Task requirements: Return all entries verbatim; skip any pictures.

Supplied material:
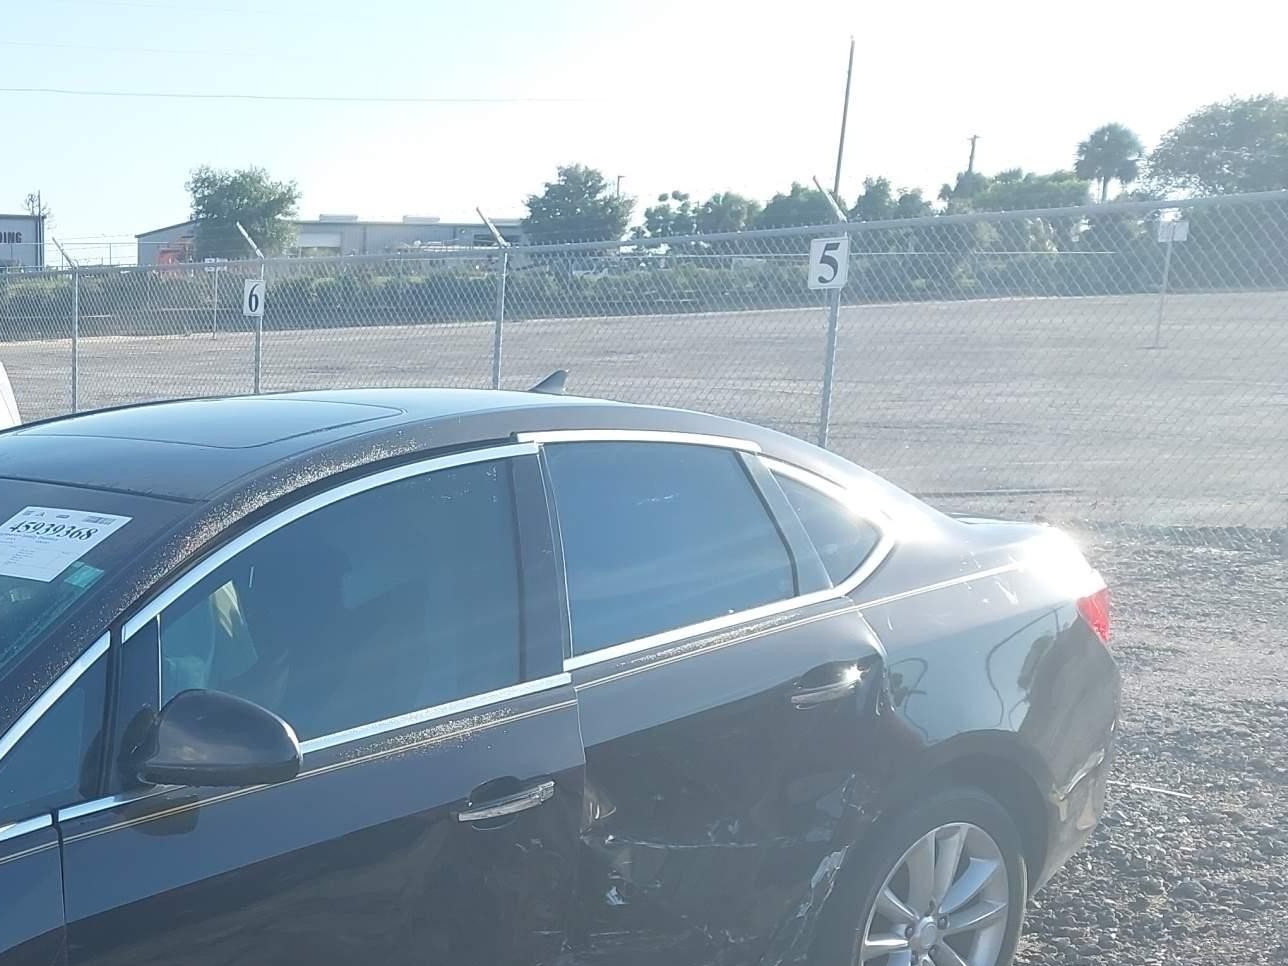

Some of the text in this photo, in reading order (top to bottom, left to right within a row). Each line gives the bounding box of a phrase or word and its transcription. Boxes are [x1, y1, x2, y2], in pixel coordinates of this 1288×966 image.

[817, 242, 841, 284] 5
[248, 283, 260, 313] 6
[9, 520, 98, 541] 45939368
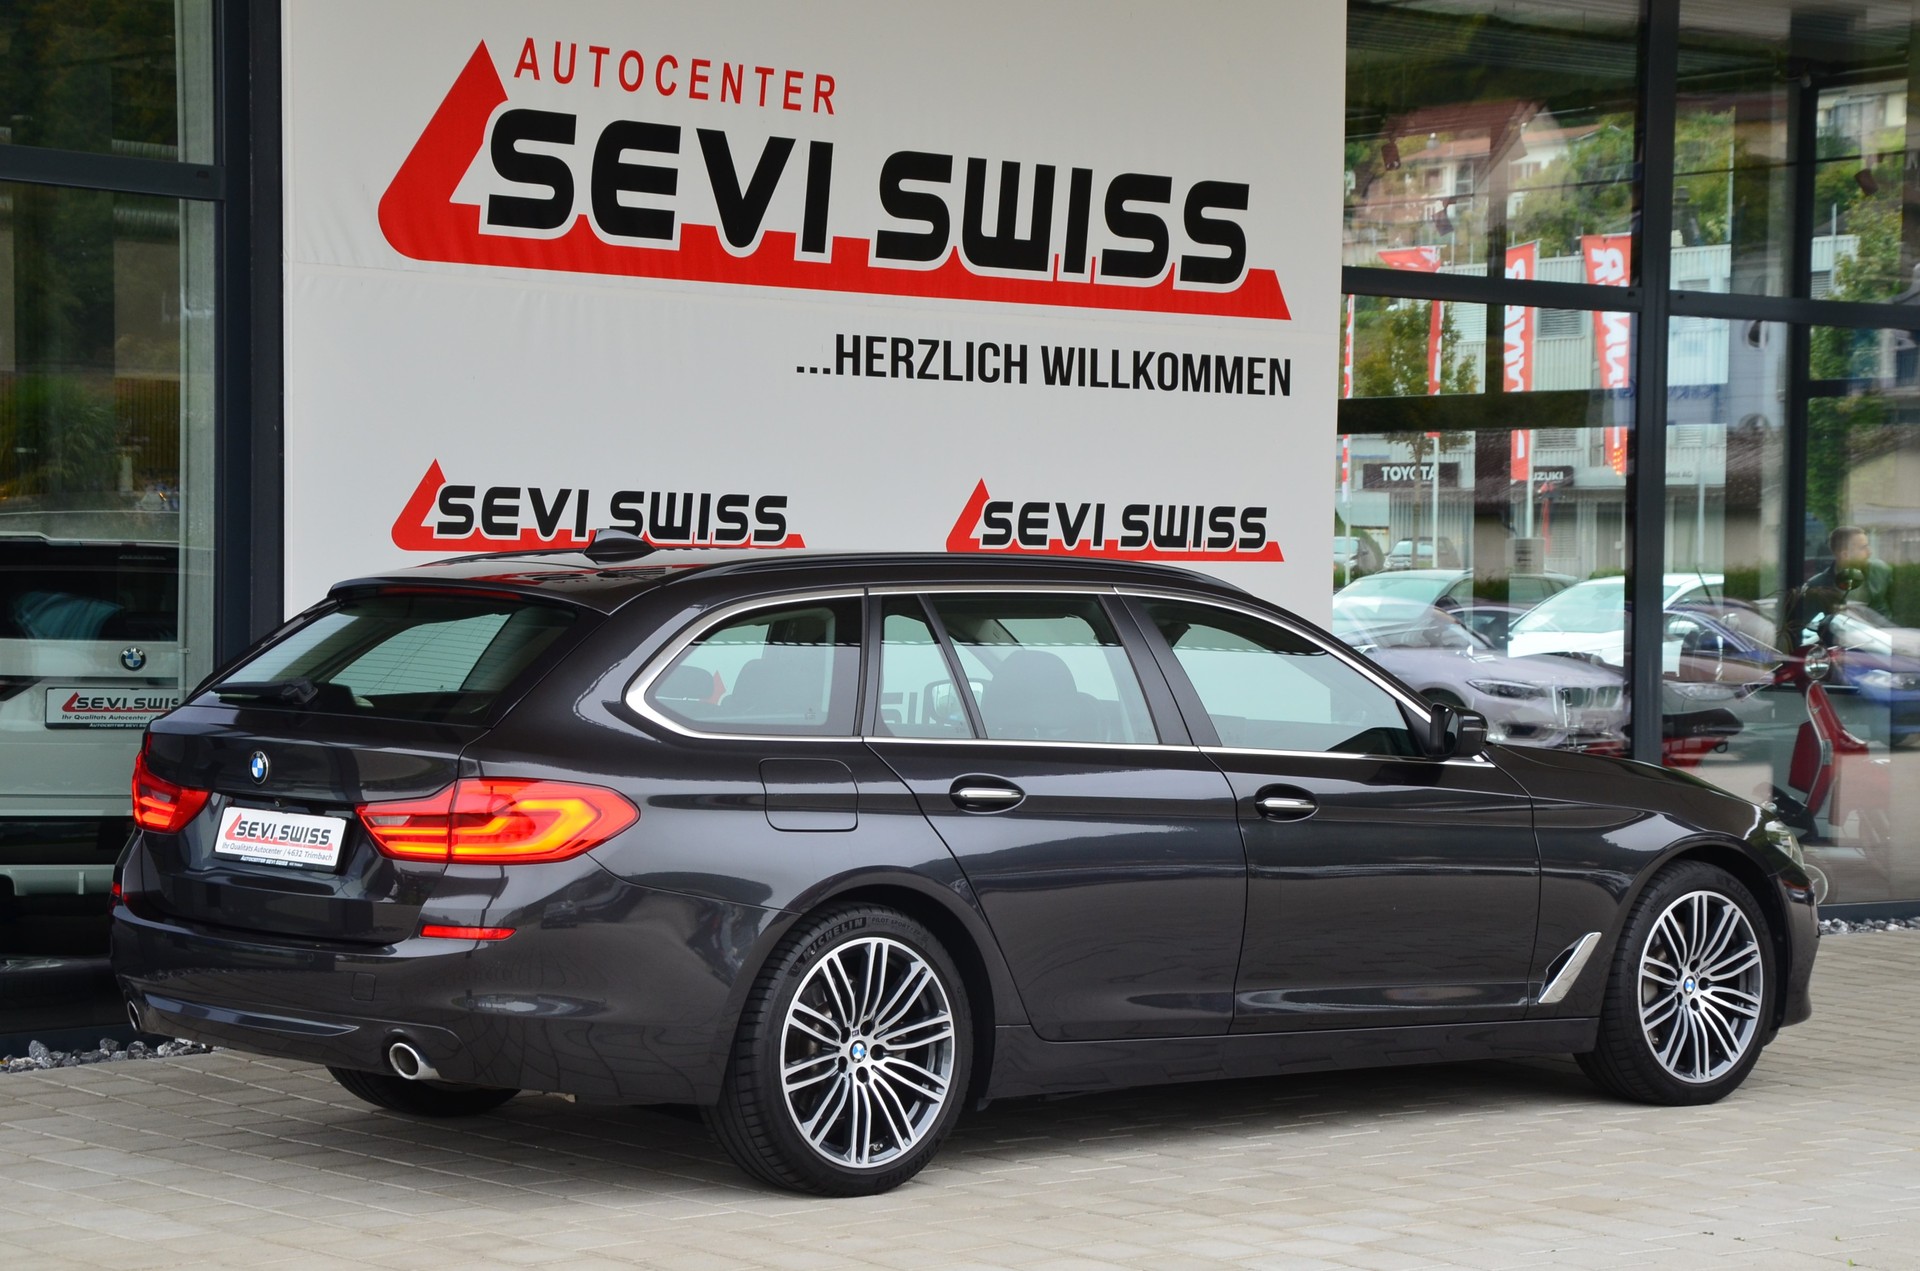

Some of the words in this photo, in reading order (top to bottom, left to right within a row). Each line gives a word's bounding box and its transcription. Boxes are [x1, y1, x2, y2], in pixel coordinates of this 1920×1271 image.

[514, 37, 836, 116] AUTOCENTER
[487, 108, 834, 254] SEVI
[875, 150, 1250, 285] SWISS
[1040, 345, 1291, 397] WILLKOMMEN
[436, 485, 590, 538] SEVI
[609, 490, 788, 542] SWISS
[982, 501, 1105, 547] SEVI
[1120, 504, 1267, 549] SWISS
[76, 697, 127, 709] SEVI
[133, 697, 179, 709] SWIS
[237, 821, 277, 840] SEVI
[279, 825, 331, 845] SWISS
[254, 845, 282, 855] Autocenter
[287, 849, 303, 858] 4632
[304, 851, 333, 861] Trimbach
[804, 918, 863, 960] MICHELIN
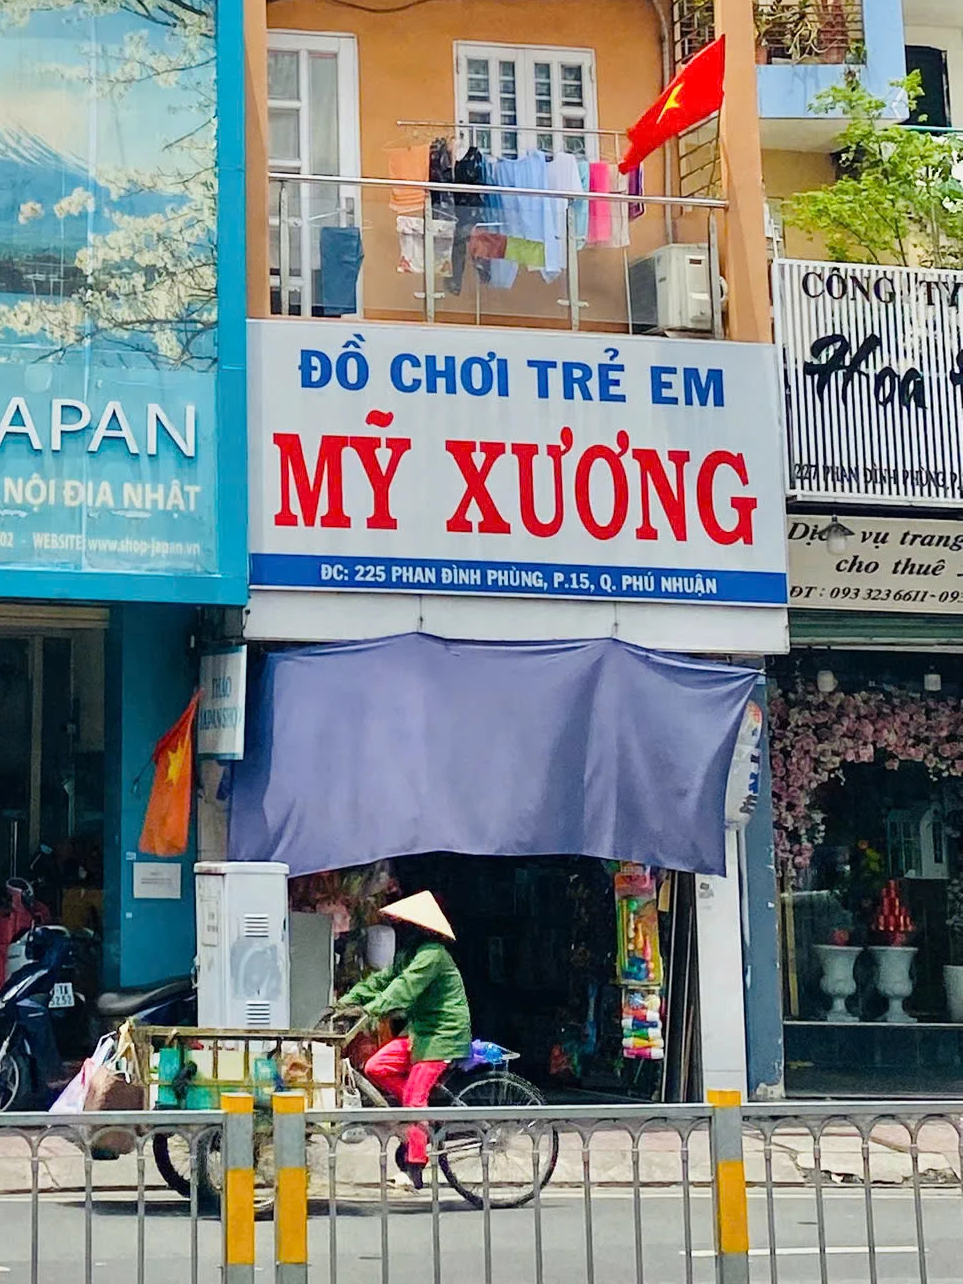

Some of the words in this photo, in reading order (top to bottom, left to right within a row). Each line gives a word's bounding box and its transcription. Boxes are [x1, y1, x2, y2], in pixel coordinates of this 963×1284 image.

[802, 267, 896, 304] CÔNG
[298, 333, 369, 391] ĐỒ
[390, 350, 509, 398] CHƠI
[527, 347, 626, 403] TRẺ
[650, 365, 725, 408] EM
[804, 334, 927, 409] Hoa
[3, 473, 56, 512] NỘI
[123, 479, 202, 518] NHẬT
[272, 409, 412, 530] MỸ
[444, 426, 757, 546] XƯƠNG
[788, 522, 835, 546] Dịc
[861, 531, 890, 549] vụ
[900, 530, 963, 552] trang
[321, 562, 349, 582] ĐC:
[354, 563, 386, 583] 225
[391, 565, 436, 585] PHAN
[441, 563, 482, 586] ĐÌNH
[486, 566, 548, 591] PHÙNG,
[553, 570, 596, 592] P.15,
[599, 573, 617, 593] Q.
[621, 570, 655, 592] PHÚ
[660, 573, 717, 596] NHUẬN
[836, 555, 879, 574] cho
[892, 557, 946, 576] thuê

Output of the task:
Some of the text in this photo, in reading order (top to bottom, left to right within a row). Each line gives the bounding box of a phrase or word and its transcription. Boxes are [x1, y1, x2, y2], in pixel coordinates of this 1288×966 image.

[817, 242, 841, 284] 5
[248, 283, 260, 313] 6
[9, 520, 98, 541] 45939368

Some of the words in this photo, in reading order (top to bottom, left to right within a row). Each line gives a word's bounding box and its transcription. Boxes are [x1, y1, x2, y2], in pixel coordinates of this 1920×1271 image.

[514, 37, 836, 116] AUTOCENTER
[487, 108, 834, 254] SEVI
[875, 150, 1250, 285] SWISS
[1040, 345, 1291, 397] WILLKOMMEN
[436, 485, 590, 538] SEVI
[609, 490, 788, 542] SWISS
[982, 501, 1105, 547] SEVI
[1120, 504, 1267, 549] SWISS
[76, 697, 127, 709] SEVI
[133, 697, 179, 709] SWIS
[237, 821, 277, 840] SEVI
[279, 825, 331, 845] SWISS
[254, 845, 282, 855] Autocenter
[287, 849, 303, 858] 4632
[304, 851, 333, 861] Trimbach
[804, 918, 863, 960] MICHELIN

Some of the words in this photo, in reading order (top to bottom, left to right within a row). Each line gives a word's bounding box and its transcription. Boxes are [x1, y1, x2, y2], in pixel coordinates of this 963×1284 image.

[802, 267, 896, 304] CÔNG
[298, 333, 369, 391] ĐỒ
[390, 350, 509, 398] CHƠI
[527, 347, 626, 403] TRẺ
[650, 365, 725, 408] EM
[804, 334, 927, 409] Hoa
[3, 473, 56, 512] NỘI
[123, 479, 202, 518] NHẬT
[272, 409, 412, 530] MỸ
[444, 426, 757, 546] XƯƠNG
[788, 522, 835, 546] Dịc
[861, 531, 890, 549] vụ
[900, 530, 963, 552] trang
[321, 562, 349, 582] ĐC:
[354, 563, 386, 583] 225
[391, 565, 436, 585] PHAN
[441, 563, 482, 586] ĐÌNH
[486, 566, 548, 591] PHÙNG,
[553, 570, 596, 592] P.15,
[599, 573, 617, 593] Q.
[621, 570, 655, 592] PHÚ
[660, 573, 717, 596] NHUẬN
[836, 555, 879, 574] cho
[892, 557, 946, 576] thuê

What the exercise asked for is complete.